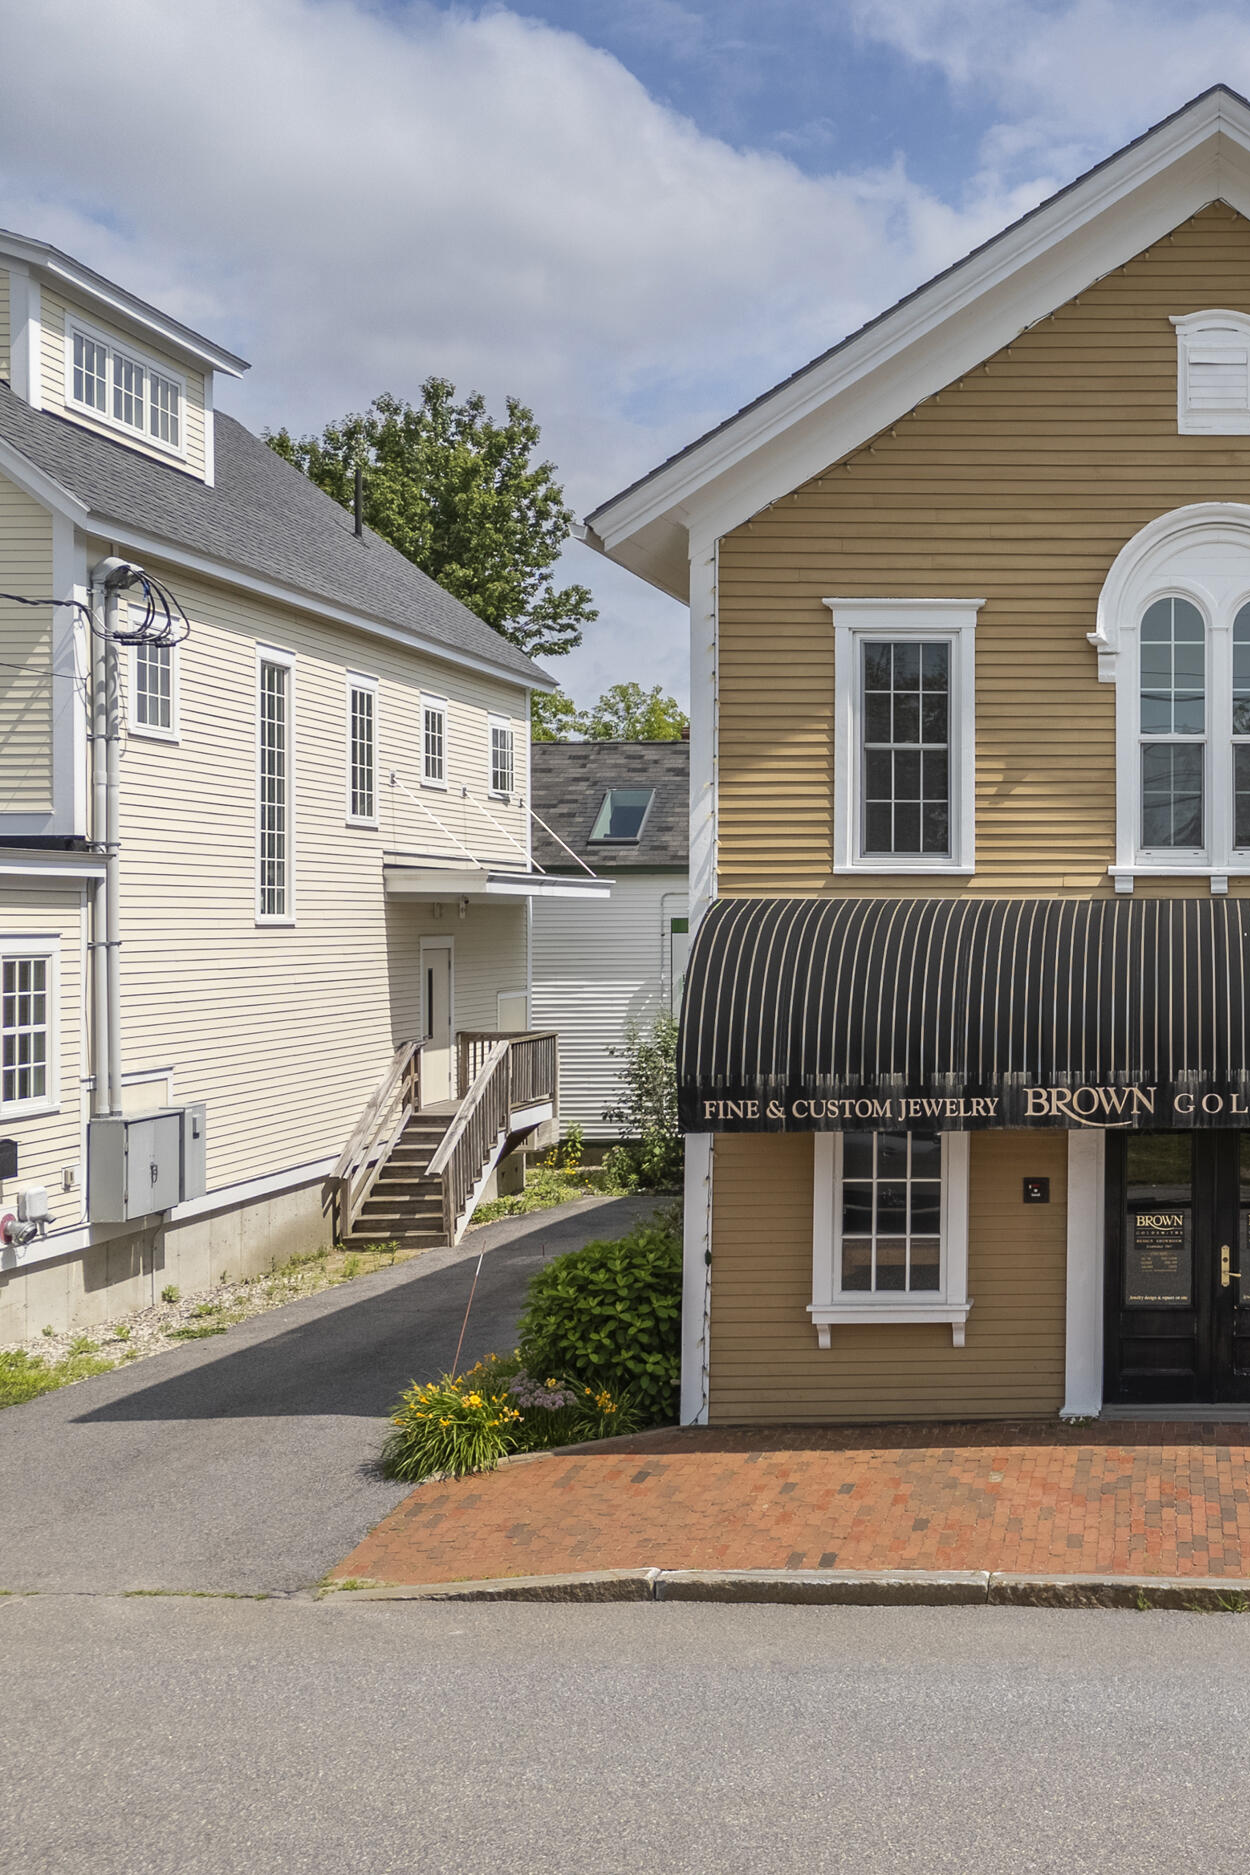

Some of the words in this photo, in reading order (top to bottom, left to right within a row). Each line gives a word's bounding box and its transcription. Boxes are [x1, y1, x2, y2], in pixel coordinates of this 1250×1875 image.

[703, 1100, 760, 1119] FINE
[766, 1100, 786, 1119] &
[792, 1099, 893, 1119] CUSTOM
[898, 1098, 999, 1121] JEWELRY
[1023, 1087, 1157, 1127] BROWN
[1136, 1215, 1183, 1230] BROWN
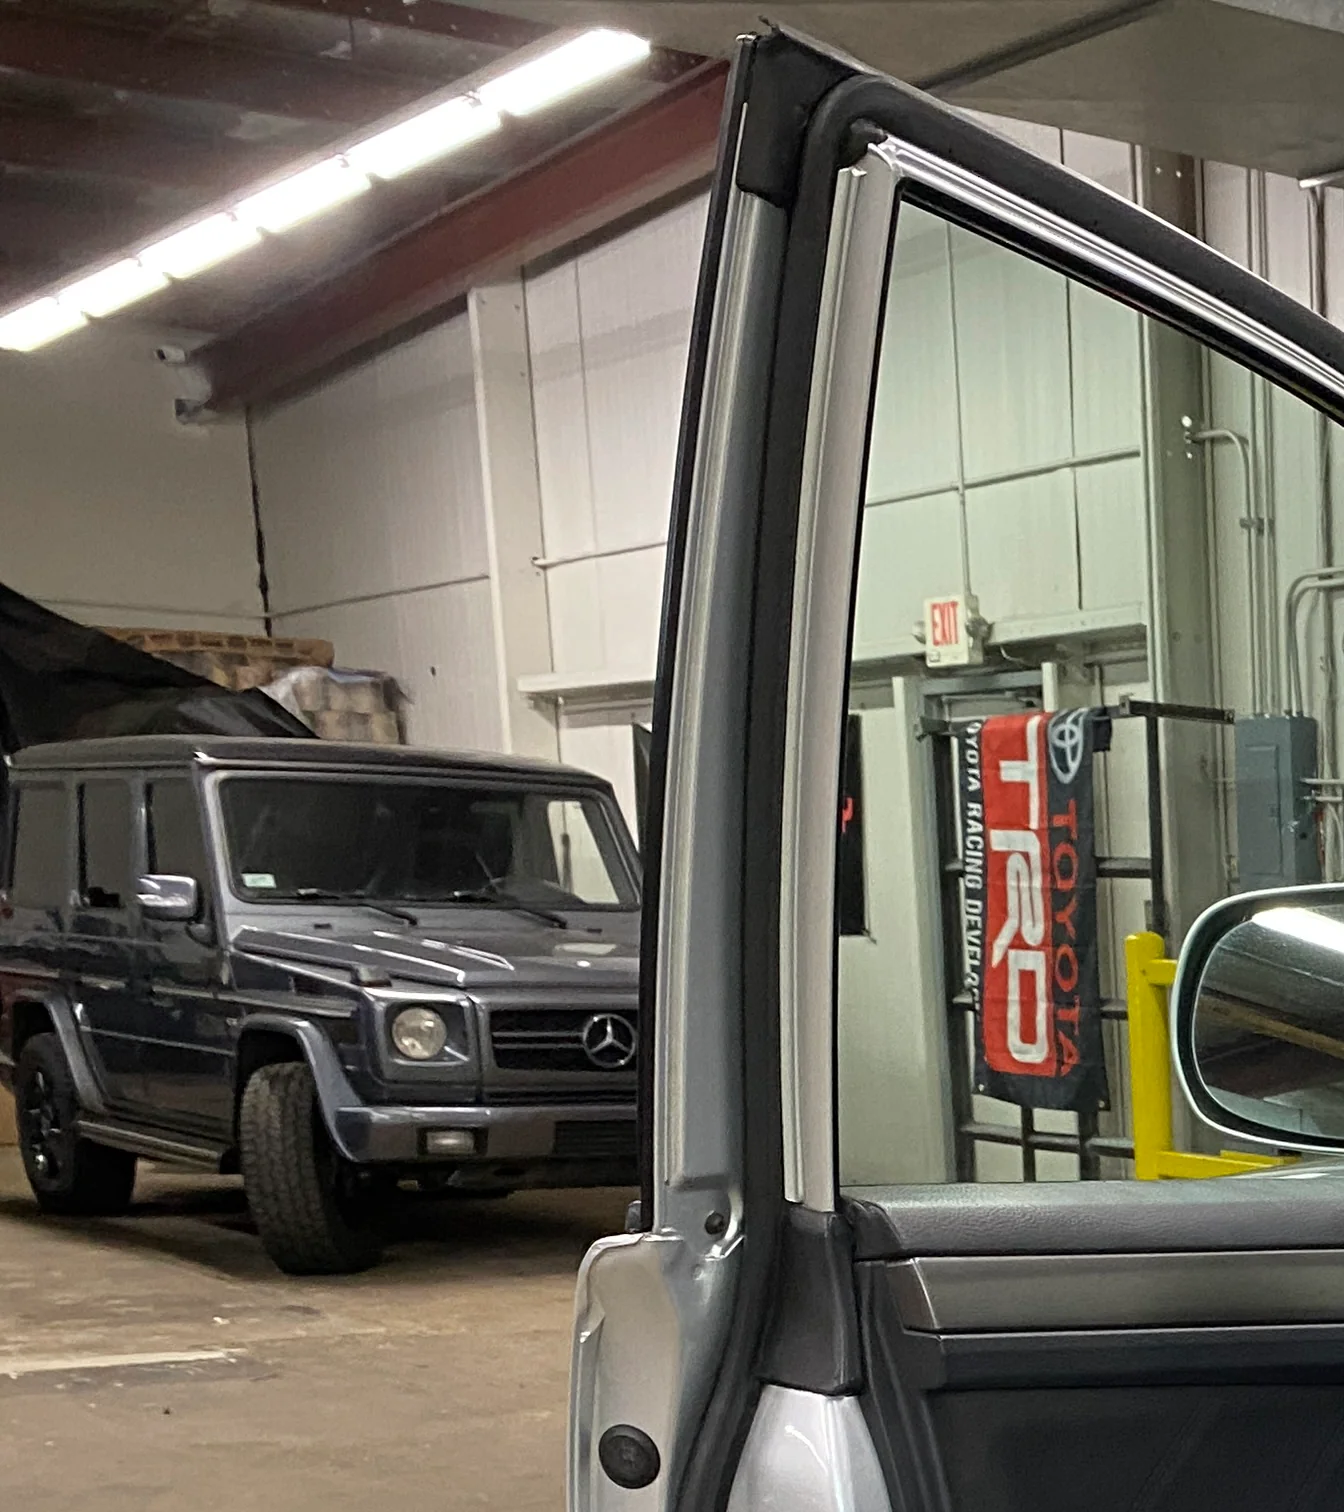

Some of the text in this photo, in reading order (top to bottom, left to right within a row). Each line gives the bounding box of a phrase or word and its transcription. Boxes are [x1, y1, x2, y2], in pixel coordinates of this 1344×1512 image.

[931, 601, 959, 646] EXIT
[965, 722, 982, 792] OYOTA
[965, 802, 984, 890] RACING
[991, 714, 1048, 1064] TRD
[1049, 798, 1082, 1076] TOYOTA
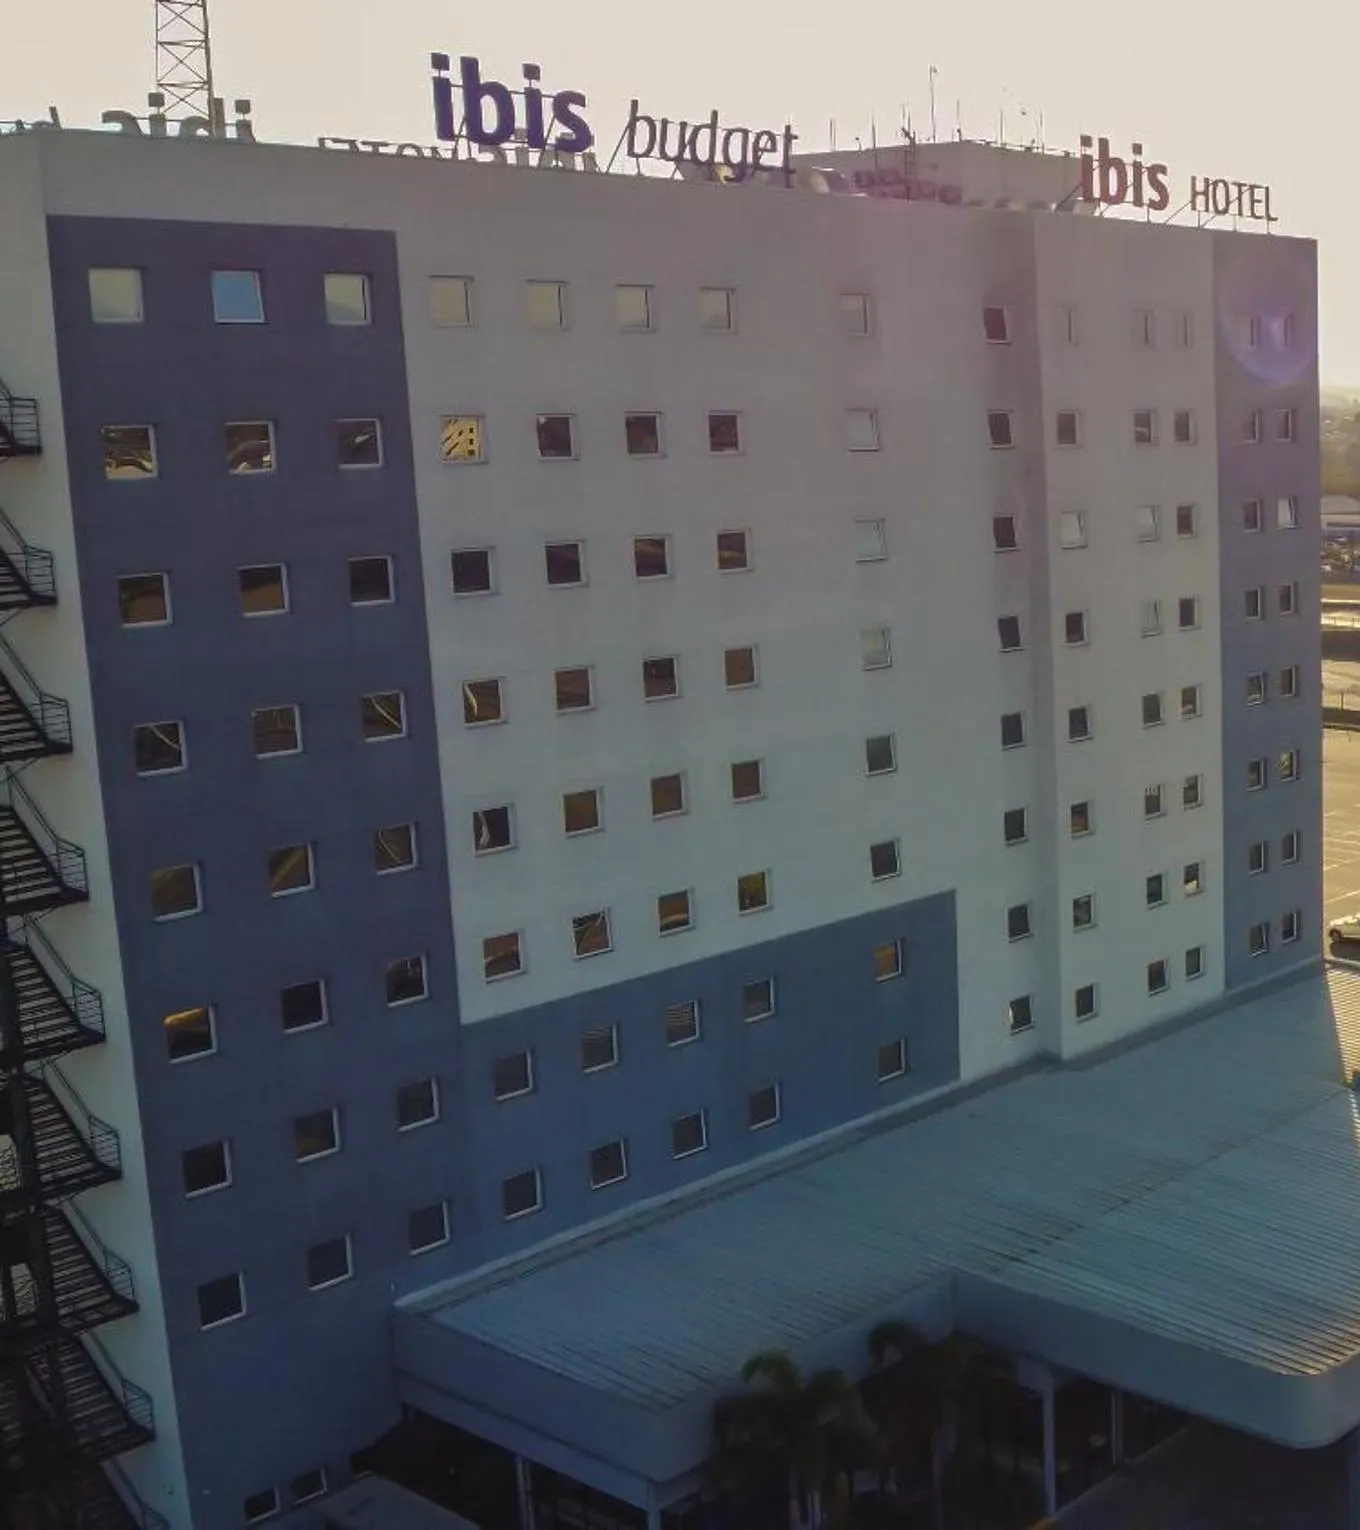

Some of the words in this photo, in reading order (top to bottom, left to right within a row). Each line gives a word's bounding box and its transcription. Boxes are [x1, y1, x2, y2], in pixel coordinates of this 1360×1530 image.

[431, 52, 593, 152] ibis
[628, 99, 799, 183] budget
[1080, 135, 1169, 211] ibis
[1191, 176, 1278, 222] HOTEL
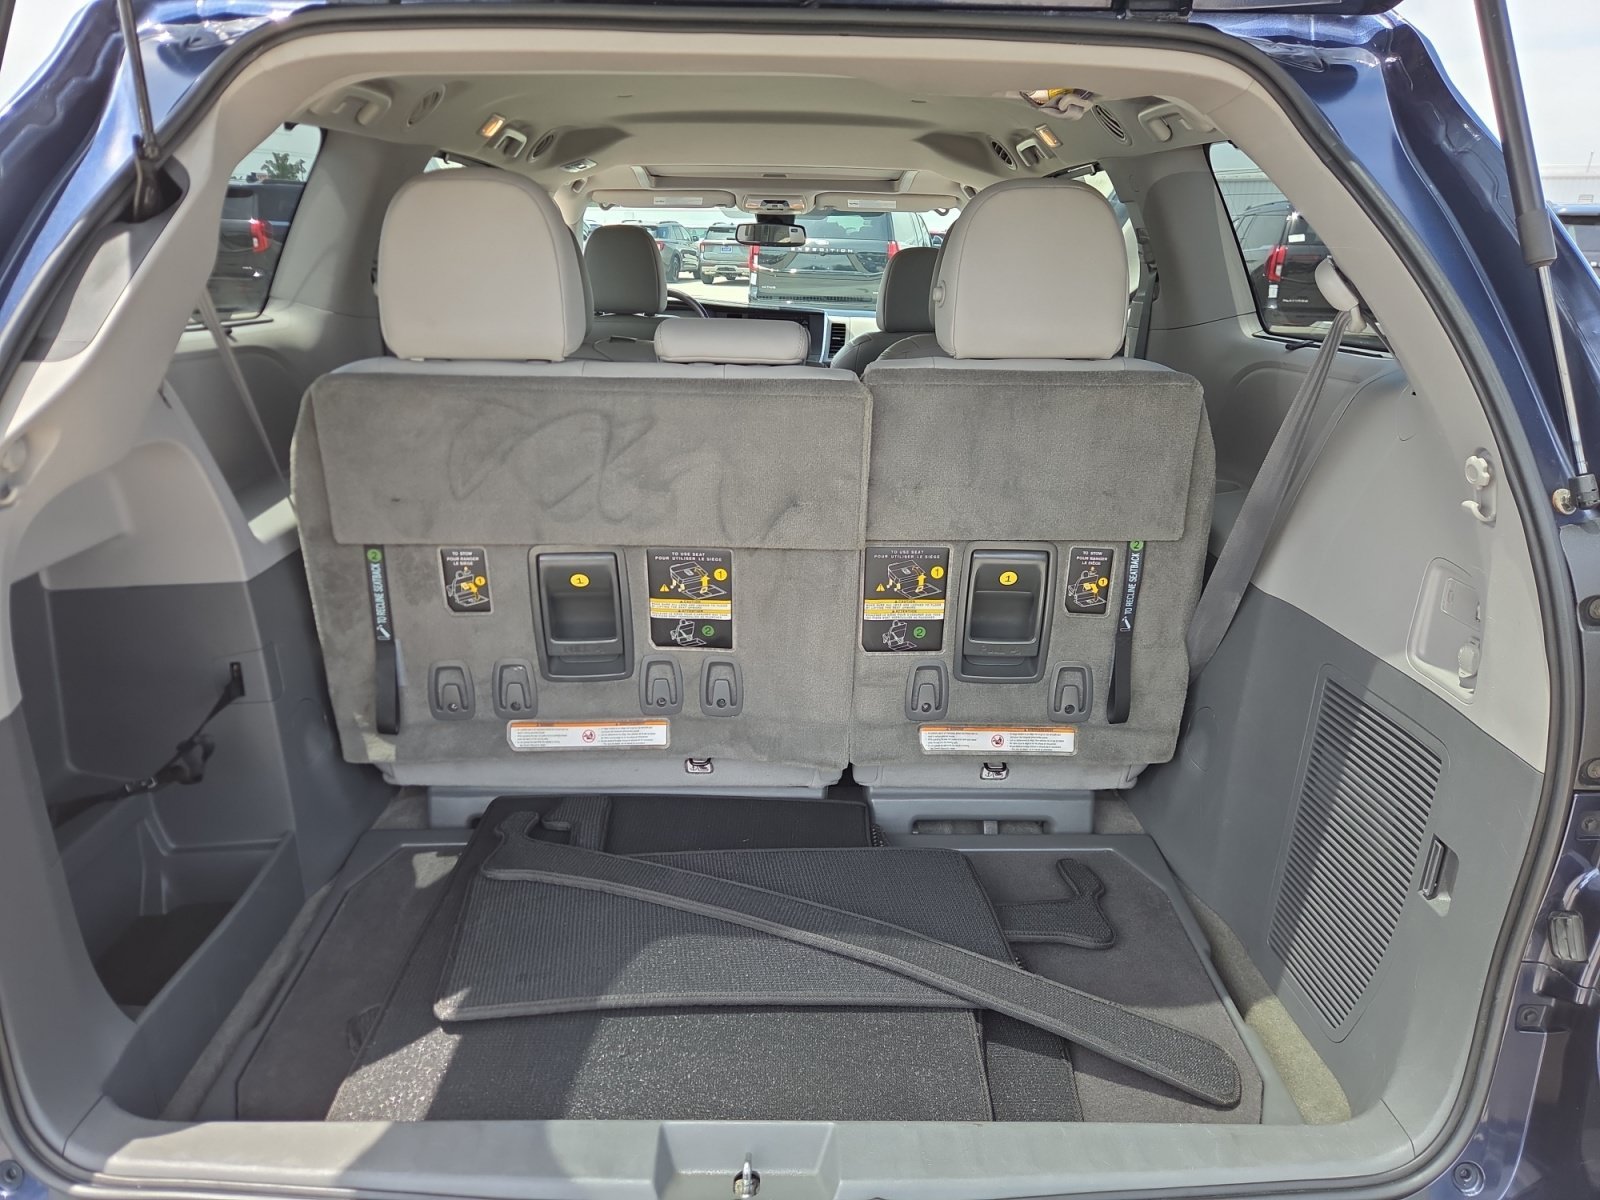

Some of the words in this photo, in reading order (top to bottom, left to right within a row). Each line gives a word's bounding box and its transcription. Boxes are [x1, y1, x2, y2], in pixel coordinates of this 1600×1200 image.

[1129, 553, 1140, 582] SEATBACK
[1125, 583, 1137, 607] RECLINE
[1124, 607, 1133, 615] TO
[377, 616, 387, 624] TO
+--
*TASK PROMPT:* Set down, unchanged, the line that contains "this 1600×1200 image." together with every later line in the records, through the last one.

*TASK OUTPUT:*
Some of the words in this photo, in reading order (top to bottom, left to right within a row). Each line gives a word's bounding box and its transcription. Boxes are [x1, y1, x2, y2], in pixel coordinates of this 1600×1200 image.

[1129, 553, 1140, 582] SEATBACK
[1125, 583, 1137, 607] RECLINE
[1124, 607, 1133, 615] TO
[377, 616, 387, 624] TO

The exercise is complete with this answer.